Thomas Klikauer for BuzzFlash: PsyOps & Corporate PR

June 19, 2022

By Thomas Klikauer

With the combined challenges of neoliberalism’s relentless drive to cut cost for profit maximization and the advent of the Internet that has severely impacted journalism, many of today’s journalists have been forced to become churnalists. They are forced to churn out a massive number of news items on armed conflict, articles on wars, and battle reports in a very short period of  time. It has become news’ manufacturing.

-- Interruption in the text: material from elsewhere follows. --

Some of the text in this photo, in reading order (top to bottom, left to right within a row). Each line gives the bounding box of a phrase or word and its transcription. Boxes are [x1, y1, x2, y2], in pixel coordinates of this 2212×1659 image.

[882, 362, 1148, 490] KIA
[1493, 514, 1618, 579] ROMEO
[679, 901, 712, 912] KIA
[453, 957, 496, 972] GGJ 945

Their corporate masters no longer give these journalists the time to go out to investigate, to find their own stories, and to check the news material which they are handed with and eventually publish. This exposes churnalists to become mere transmitters of war propaganda. The 2003 Iraq War (for no WMD) remains an instructive example on how propaganda works.

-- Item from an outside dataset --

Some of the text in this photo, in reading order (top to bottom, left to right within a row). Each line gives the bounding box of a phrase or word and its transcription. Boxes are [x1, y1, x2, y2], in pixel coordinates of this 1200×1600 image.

The challenges of neoliberalism and the Internet assure that many journalists are consistently subjected to ingesting and reproducing pre-packaged corporate PR materials and ready-to-use information provided for(!) them by the global PR industry.

At its most basic level, this involves directing journalists into accepting stories and externally supplied pro-business interpretations (known as framing). In many cases, these materials had been chosen “for”(!) them, in order to satisfy the commercial interests of businesses and corporations, as well as the political interests of conservatives who support the overall pro-business ideology.

Worst, virtually all of this renders valuable journalists to the propagation of accidental misinformation, deliberately launched disinformation, very serious distortions, and corporate falsehoods.

To many, much of this may appear inherently irrational. But for PR experts, all this is very rational. Even ghastlier is the fact that today’s global PR industry uses the utmost sophisticated mechanisms to monitor and manipulate the emotions, attitudes, interests, and beliefs of who they call: target audience.

Once this is done, PR deliberately and very consciously fabricates news stories that appeal to the target audience’s emotions, attitudes, interests, and beliefs. In any case, the PR industry has never shied away from recycling whatever falsehoods, distortions, and misunderstandings it finds and it deems useful.

It remains one of the great unspoken ironies of the global PR industry that it has – more or less – succeeded not just in amplifying those emotions, attitudes, interests, and beliefs. It has been rather successful in converting them into political and pro-business outcomes for its well-paying customers: corporations, businesses, right-wing politicians, dictators, oligarchs, autocrats, criminals, etc.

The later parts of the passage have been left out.